Sie geht durch tiefste Verzweiflung, betet sich hindurch, und wird zu einer Spezialistin für plastische Chirurgie. Von einem Ausbildungskurs in den USA, der zugleich ihre eigene Rehabilitation ist, kehrt sie in ihr Heimatland Indien zurück, um dort ein Rehabilitationszentrum zu leiten.

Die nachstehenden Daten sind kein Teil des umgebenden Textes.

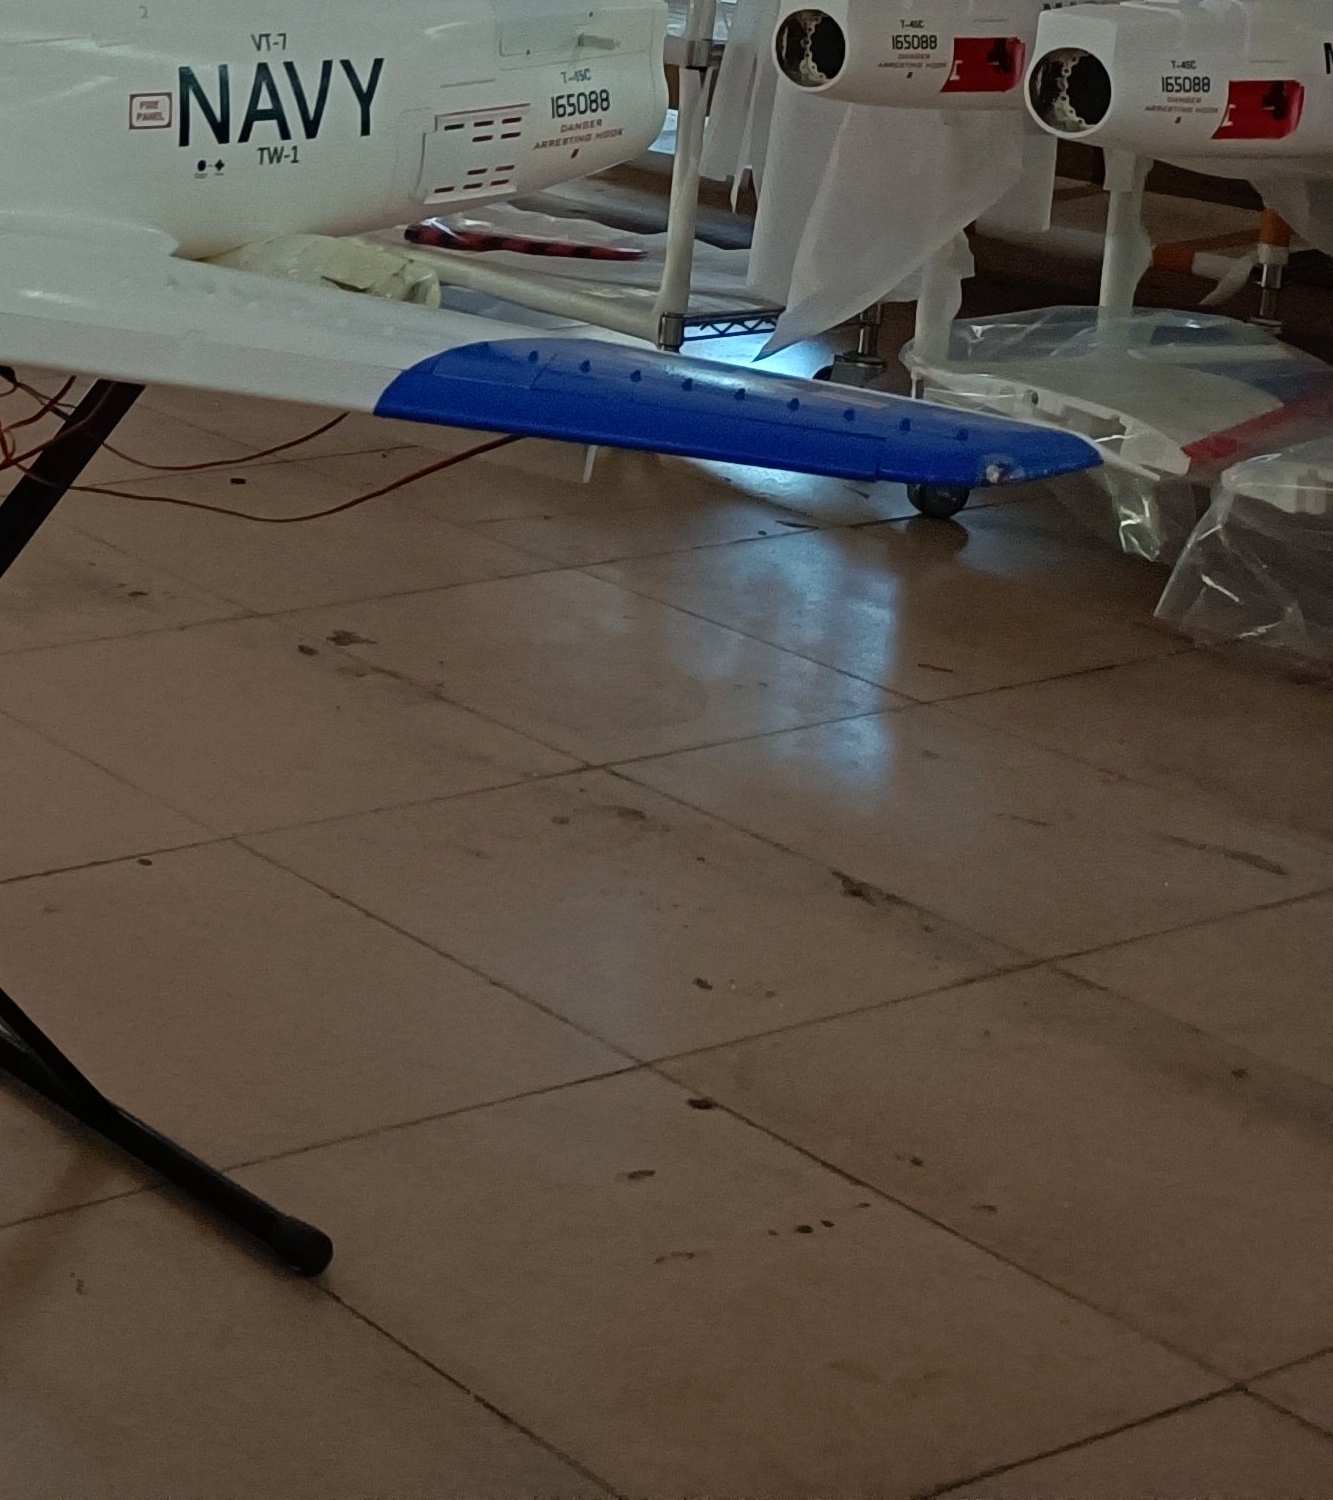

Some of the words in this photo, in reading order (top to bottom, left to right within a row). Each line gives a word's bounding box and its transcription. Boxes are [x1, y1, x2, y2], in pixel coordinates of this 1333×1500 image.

[250, 33, 287, 51] VT-7
[891, 34, 938, 50] 165088
[1161, 75, 1211, 93] 165088
[178, 58, 385, 147] NAVY
[550, 88, 611, 119] 165088
[533, 133, 592, 151] ARRESTING
[256, 145, 300, 165] TW-1
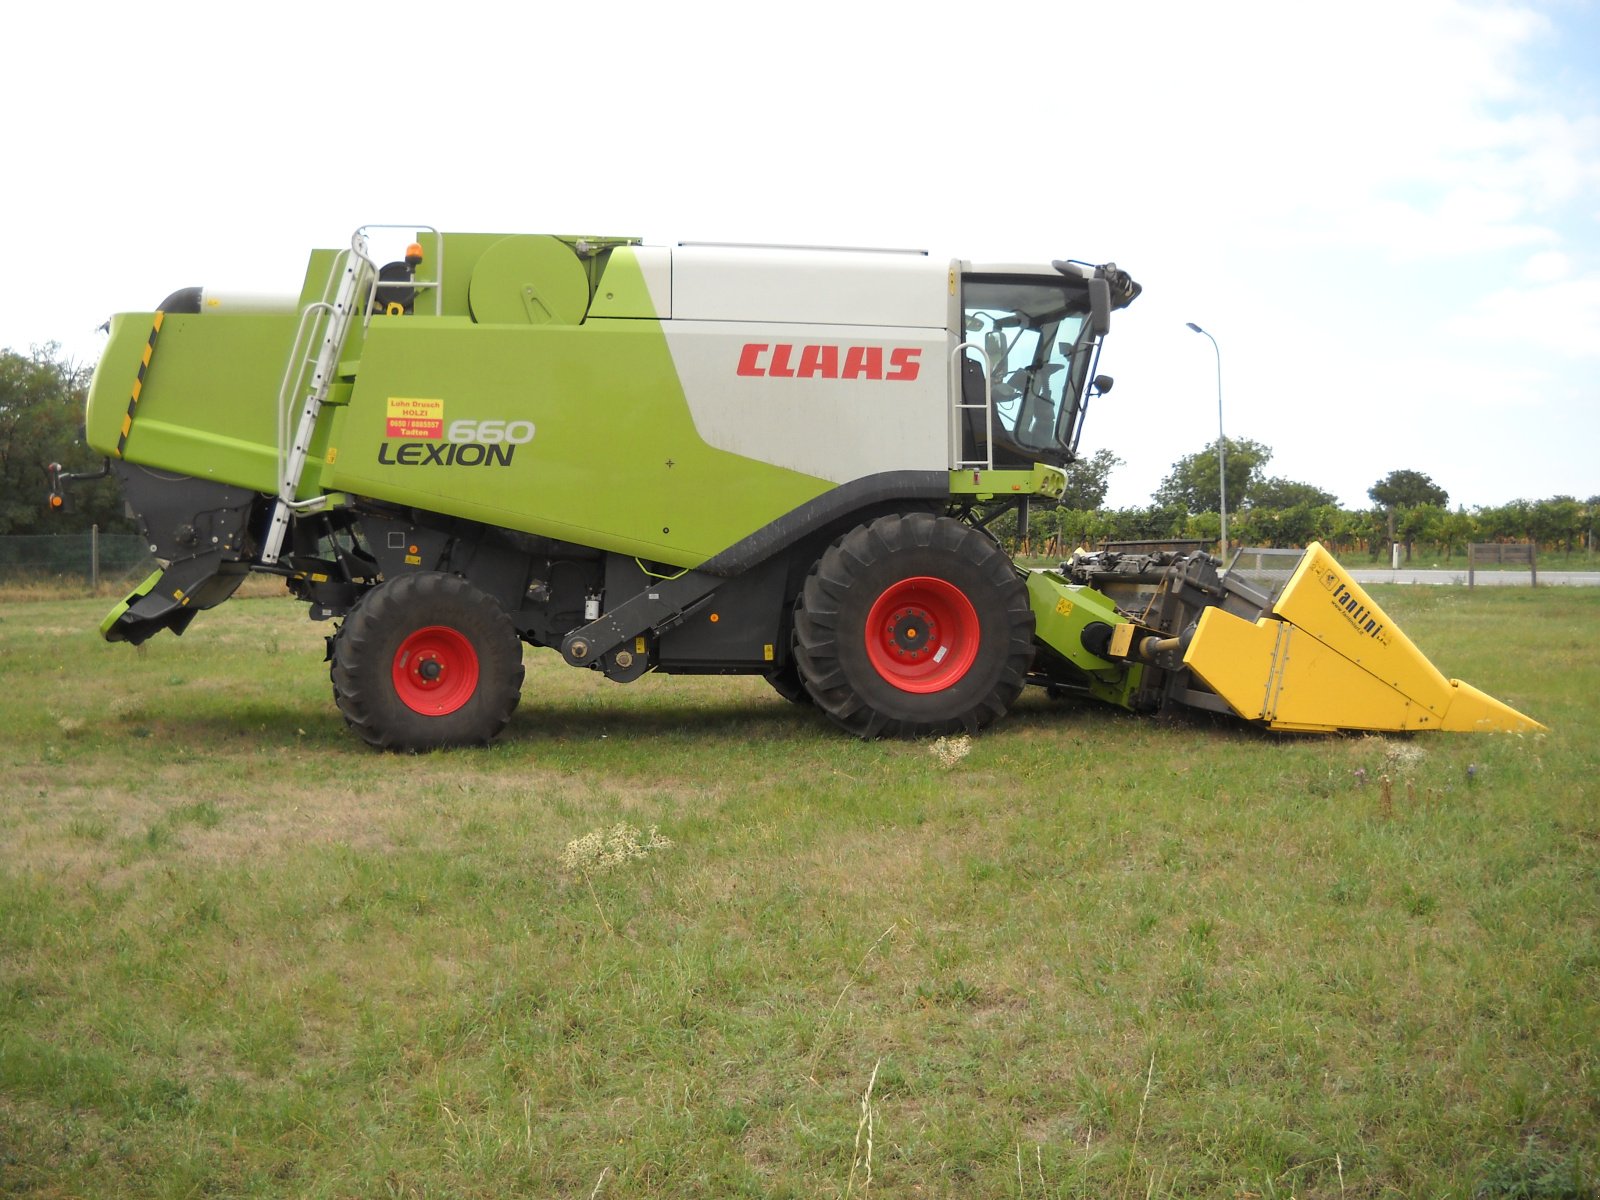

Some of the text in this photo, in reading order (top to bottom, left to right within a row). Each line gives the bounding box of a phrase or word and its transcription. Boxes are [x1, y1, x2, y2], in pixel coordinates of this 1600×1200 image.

[737, 343, 922, 381] CLAAS
[400, 428, 428, 436] Tadten
[448, 420, 536, 444] 660
[378, 442, 515, 467] LEXION
[1333, 584, 1383, 638] fantini
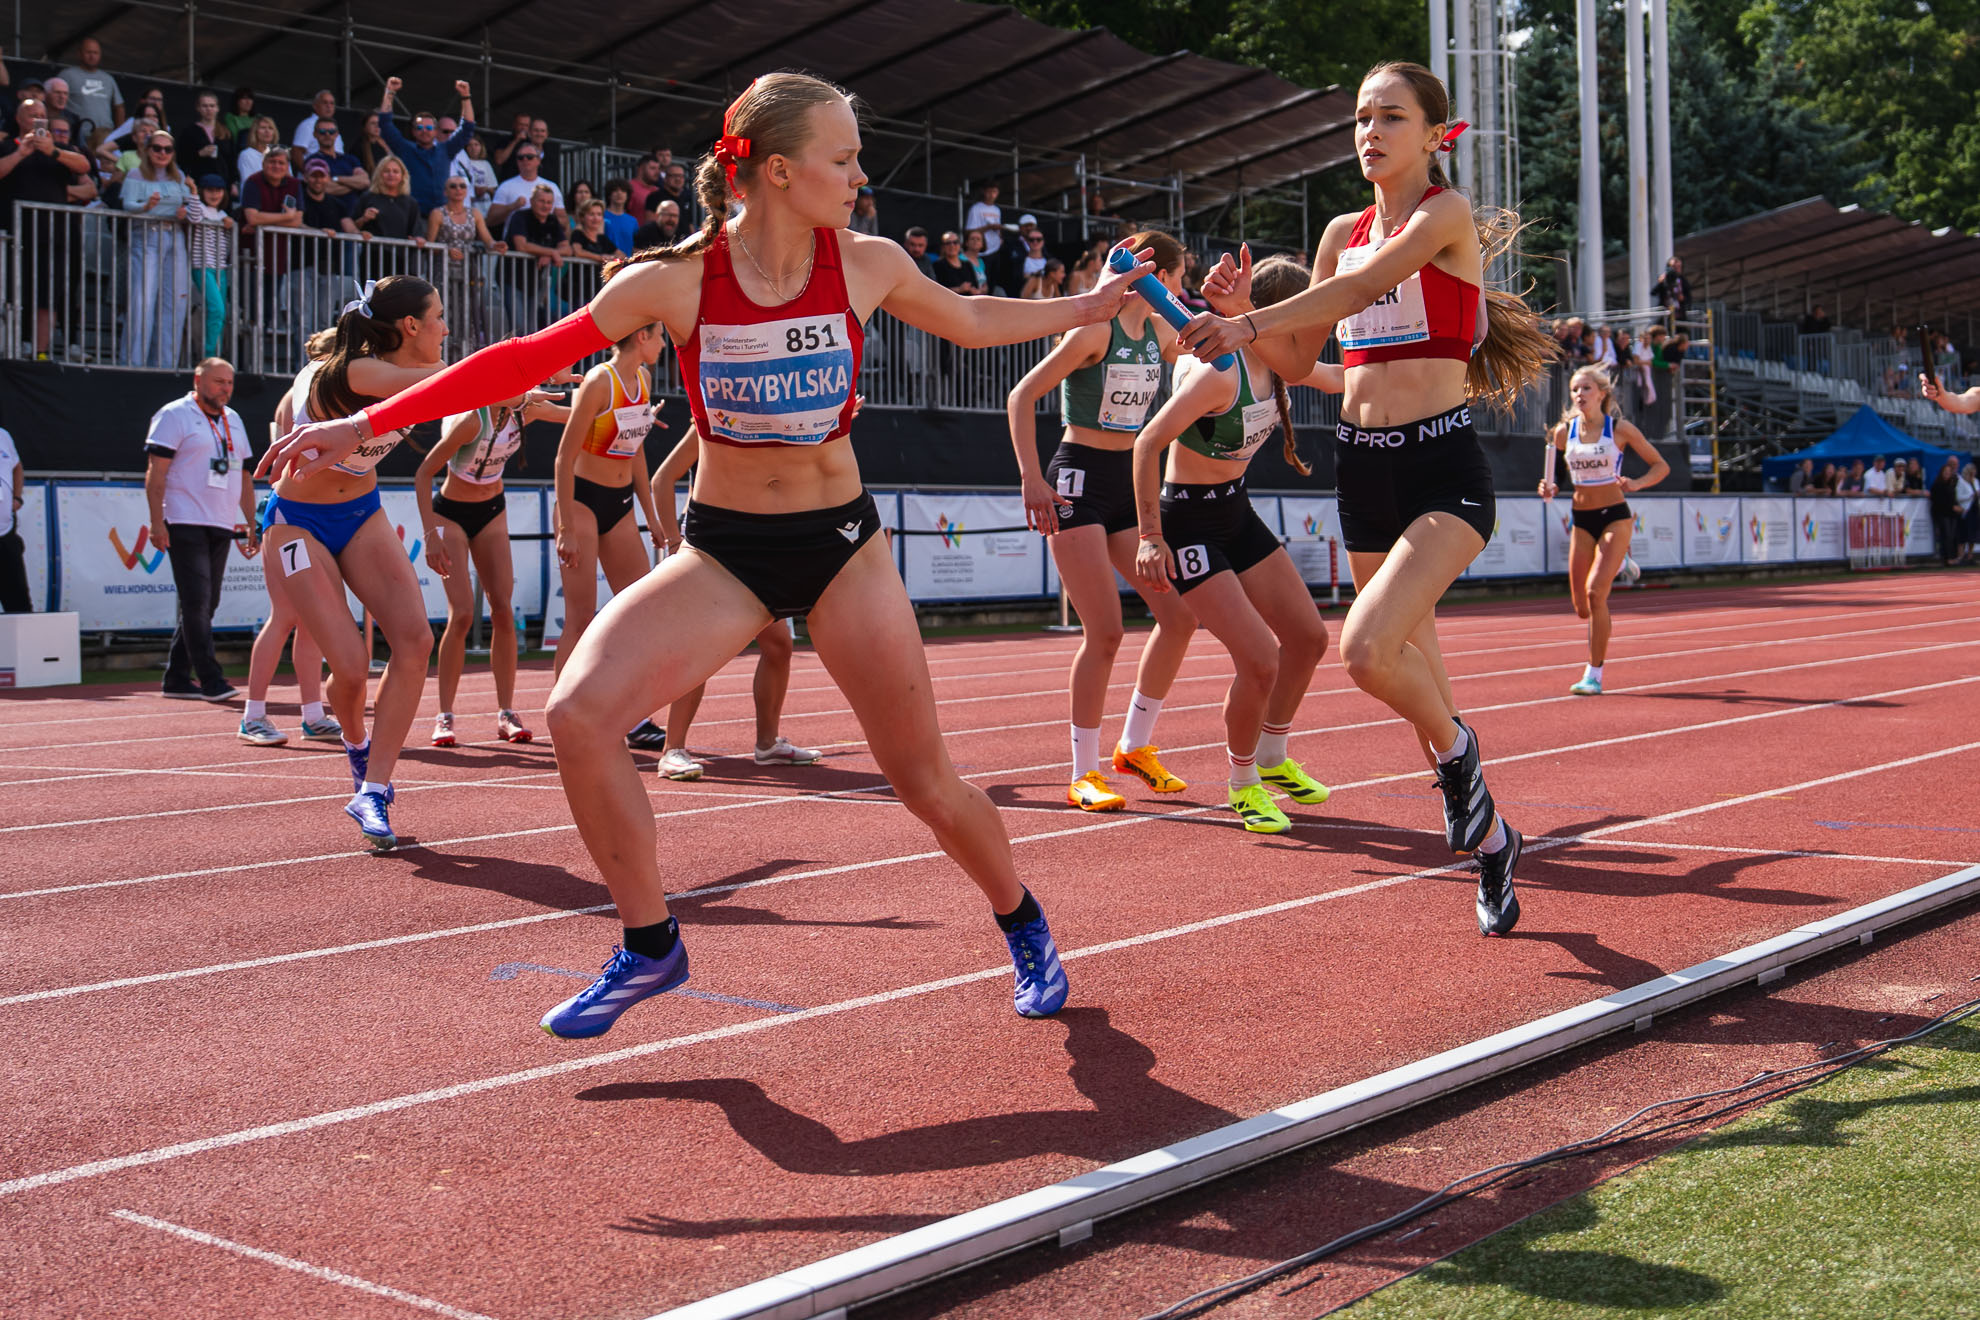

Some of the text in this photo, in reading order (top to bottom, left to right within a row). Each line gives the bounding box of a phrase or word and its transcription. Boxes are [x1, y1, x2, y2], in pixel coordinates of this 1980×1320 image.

[722, 343, 741, 351] Sportu
[744, 342, 769, 350] Turystyki
[785, 323, 839, 353] 851
[705, 365, 849, 403] PRZYBYLSKA
[1353, 431, 1406, 448] PRO
[1418, 408, 1472, 442] NIKE
[1065, 471, 1077, 494] 1
[283, 543, 298, 571] 7
[1184, 548, 1202, 574] 8
[104, 584, 176, 594] WIELKOPOLSKA

Dorothy C. Wilson lässt ihre Biografie über sie auf dem Rückflug mit den Worten, sie sind zugleich der Titel des Buches, enden: „Um Füße bat ich… und er gab mir Flügel.“
Sr. Christiane Roth OSB, * 1954
Kloster Marienrode, Hildesheim
Lehrerin/ Benediktinerin
Spontan hätte ich als Foto eher eine starke Adlerschwinge erwartet. Aber du hast einen zarten, zerbrechlichen Insektenflügel dazugesetzt – eine ganz eigene Aussage, die mich beschäftigt.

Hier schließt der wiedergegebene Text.